**YOUR GOAL:** Your answer should consist of every line in the records that holds "Project".

[Saved data entries]
━━━━━━━━━━

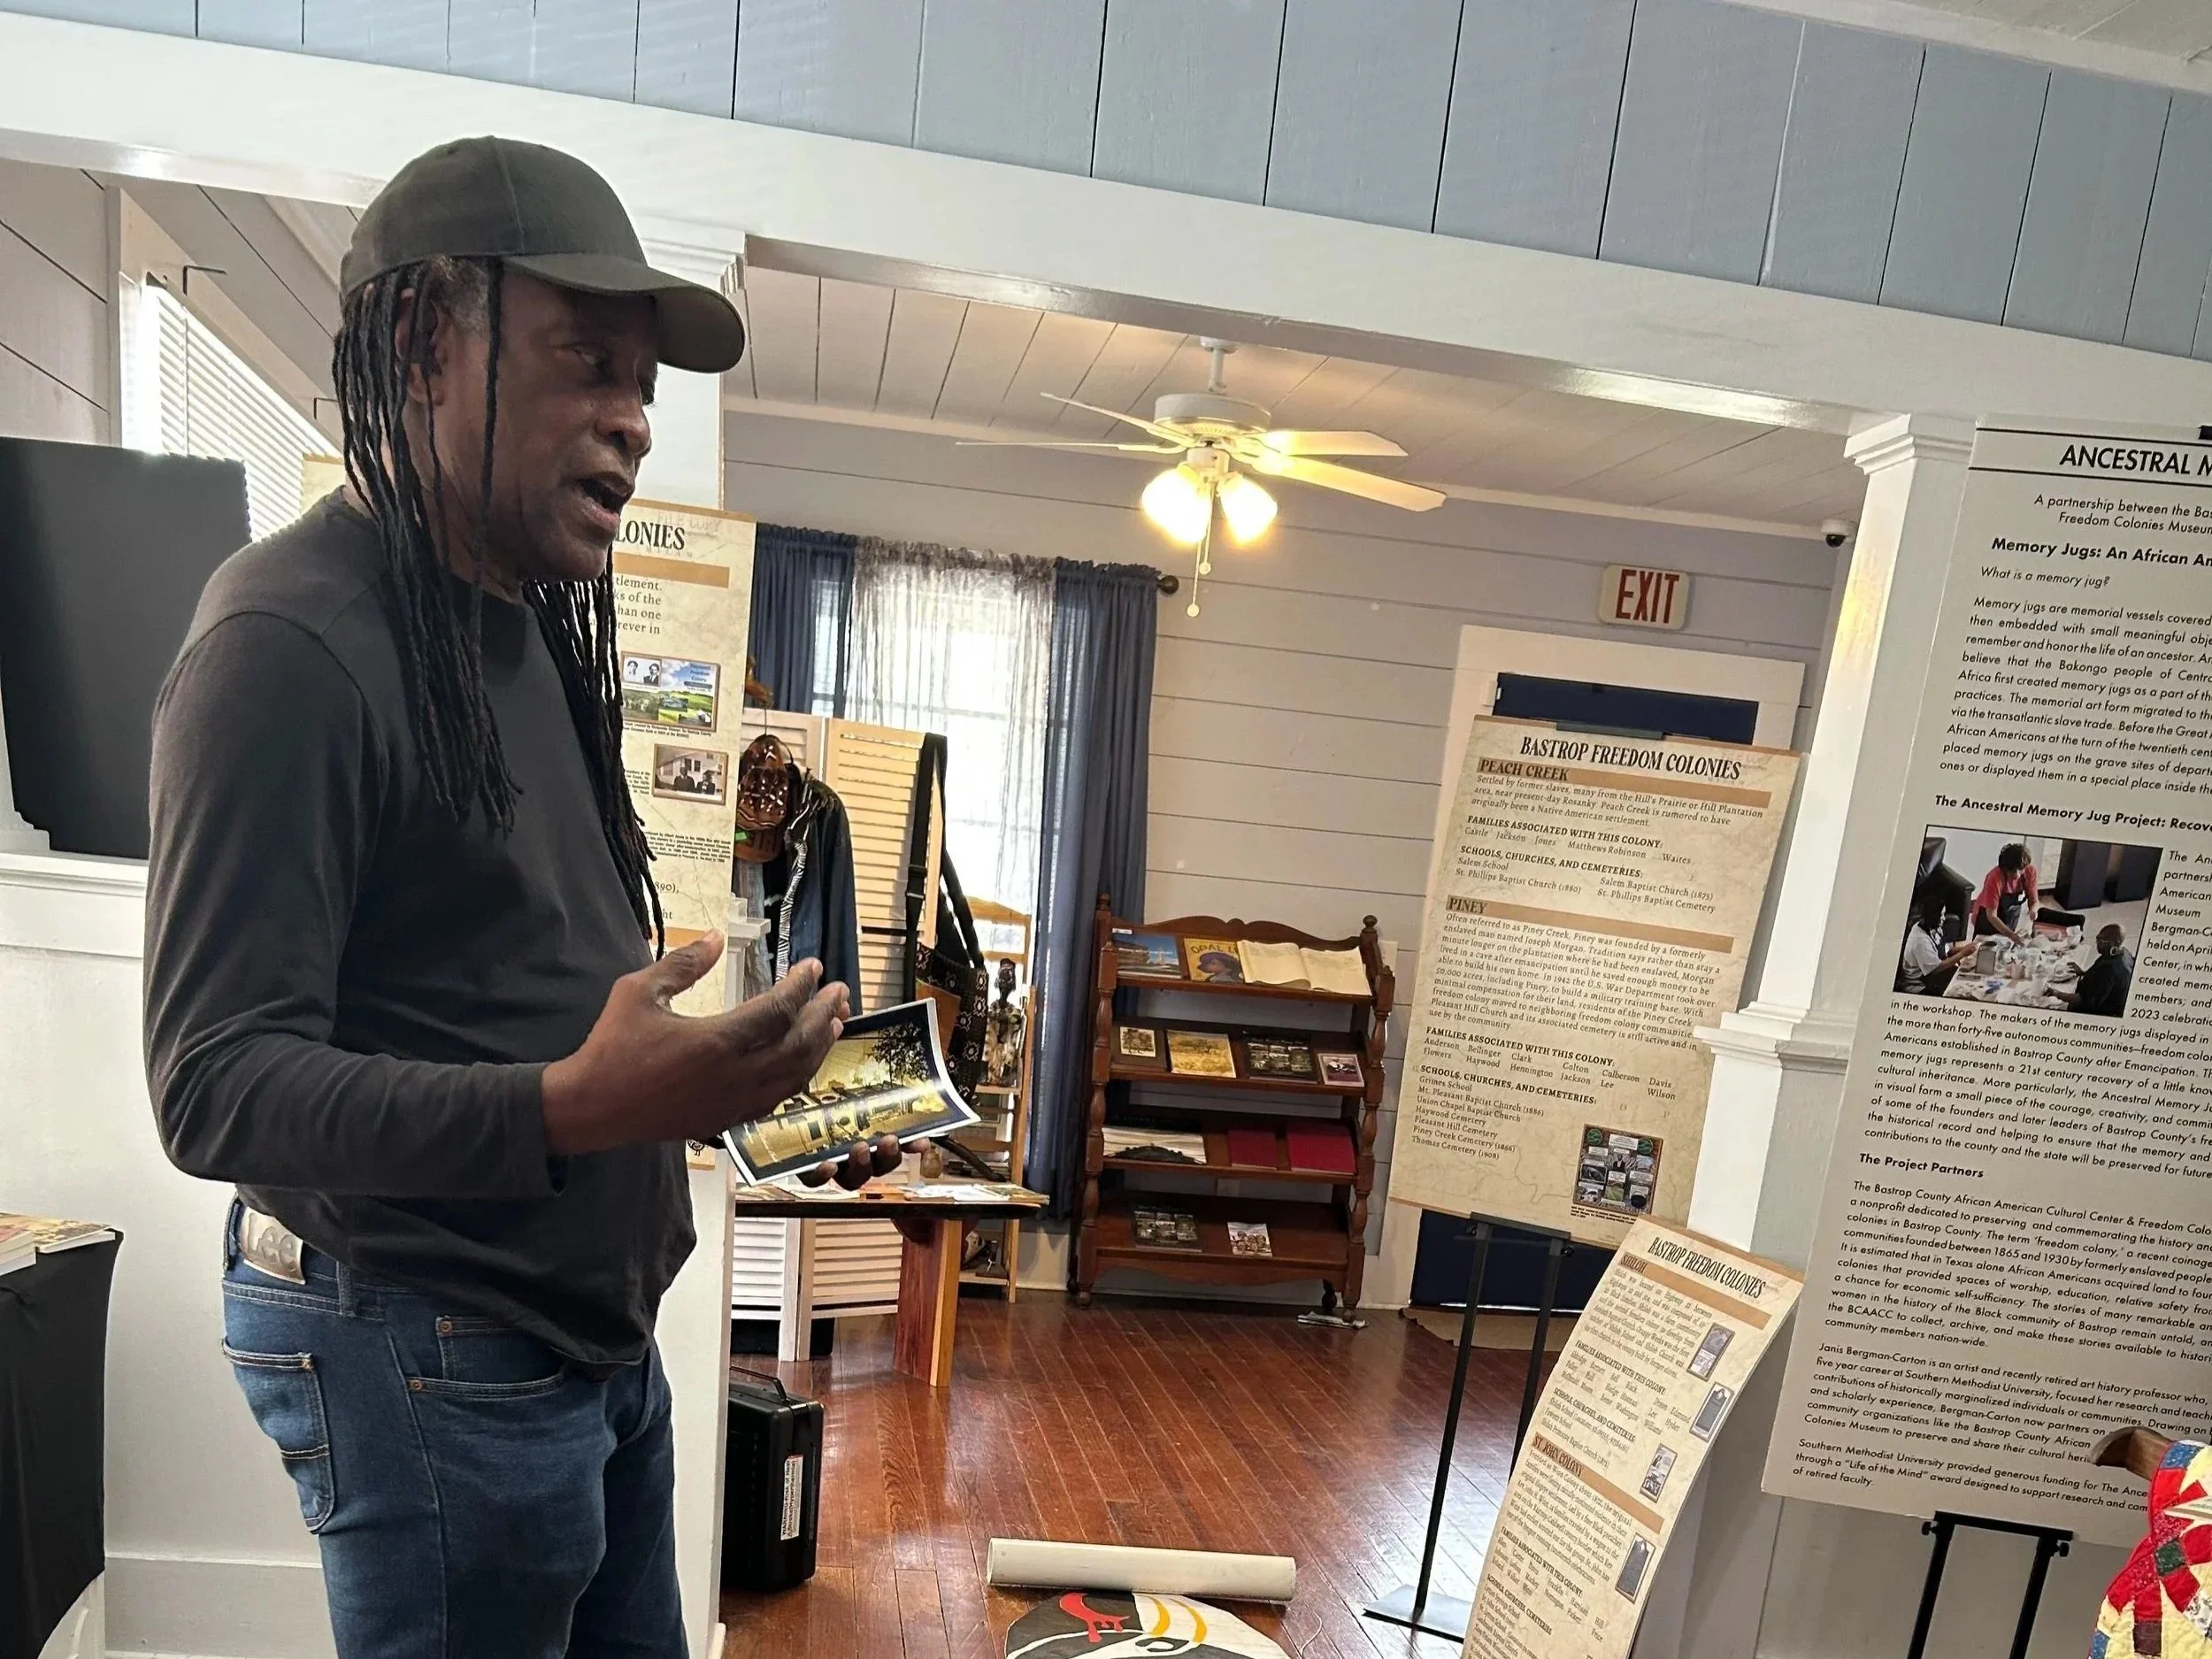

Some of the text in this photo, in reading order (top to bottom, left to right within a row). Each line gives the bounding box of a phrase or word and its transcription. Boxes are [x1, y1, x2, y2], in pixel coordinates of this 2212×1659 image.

[2059, 444, 2190, 474] ANCESTRAL
[2033, 494, 2190, 516] A partnership between the
[2059, 511, 2163, 530] Freedom Colonies
[616, 520, 685, 549] LONIES
[1991, 537, 2187, 565] Memory Jugs: An African
[616, 575, 663, 591] tlement.
[1981, 565, 2010, 578] What
[2036, 574, 2082, 587] memory
[2084, 576, 2109, 588] jug?
[628, 591, 642, 603] of
[643, 593, 662, 605] the
[1616, 569, 1679, 623] EXIT
[618, 603, 662, 619] han one
[1973, 596, 2021, 612] Memory
[2023, 603, 2045, 614] jugs
[2070, 607, 2124, 618] memorial
[2126, 610, 2163, 621] vessels
[618, 621, 660, 634] rever in
[1970, 614, 2185, 644] then embedded with small meaningful
[1962, 650, 2172, 679] believe that the Bakongo people of
[1480, 759, 1569, 780] PEACH CREEK
[1520, 736, 1741, 780] BASTROP FREEDOM COLONIES
[1935, 795, 2165, 827] The Ancestral Memory Jug Project:
[1467, 815, 1509, 827] FAMILIES
[1509, 820, 1567, 835] ASSOCIATED
[1570, 828, 1595, 839] WITH
[1598, 832, 1619, 841] THIS
[1457, 856, 1509, 870] Salem School
[1558, 858, 1579, 868] AND
[1600, 876, 1624, 887] Salem
[1626, 879, 1655, 891] Baptist
[1658, 885, 1688, 896] Church
[1448, 897, 1486, 914] PINEY
[2154, 903, 2200, 918] Museum
[1191, 944, 1223, 954] OPAL
[2139, 976, 2180, 988] created
[1902, 1000, 1918, 1010] the
[1922, 1004, 1975, 1018] workshop.
[1979, 1009, 1996, 1020] The
[2000, 1012, 2036, 1025] makers
[2040, 1016, 2052, 1025] of
[2054, 1017, 2070, 1028] the
[2073, 1023, 2116, 1036] memory
[2119, 1028, 2140, 1038] jugs
[2144, 1027, 2196, 1043] displayed
[2131, 1007, 2160, 1020] 2023
[1425, 1026, 1466, 1040] FAMILIES
[1467, 1033, 1523, 1049] ASSOCIATED
[1525, 1044, 1549, 1055] WITH
[1551, 1048, 1573, 1058] THIS
[1423, 1047, 1675, 1099] Flowers Haywood Hennington Jackson Lee Wilson
[1515, 1082, 1534, 1092] AND
[1859, 1153, 1983, 1177] The Project Partners
[1854, 1180, 2183, 1231] The Bastrop County African American Cultural Center & Freedom
[248, 1212, 298, 1271] Lee
[1647, 1237, 1766, 1299] BASTROP FREEDOM COLONIES
[1827, 1302, 1843, 1311] the
[1847, 1304, 1893, 1318] BCAACC
[1910, 1314, 1944, 1327] collect,
[1949, 1320, 1988, 1333] archive,
[1993, 1326, 2014, 1335] and
[2016, 1329, 2044, 1339] make
[2047, 1332, 2074, 1343] these
[2078, 1338, 2110, 1348] stories
[2115, 1343, 2162, 1356] available
[2166, 1348, 2176, 1357] to
[1559, 1452, 1584, 1478] COLONY
[1798, 1438, 2118, 1493] Southern Methodist University provided generous funding for The
[1805, 1470, 1837, 1479] retired
[1839, 1471, 1874, 1486] faculty.

━━━━━━━━━━

**SOLUTION:**
[1935, 795, 2165, 827] The Ancestral Memory Jug Project:
[1859, 1153, 1983, 1177] The Project Partners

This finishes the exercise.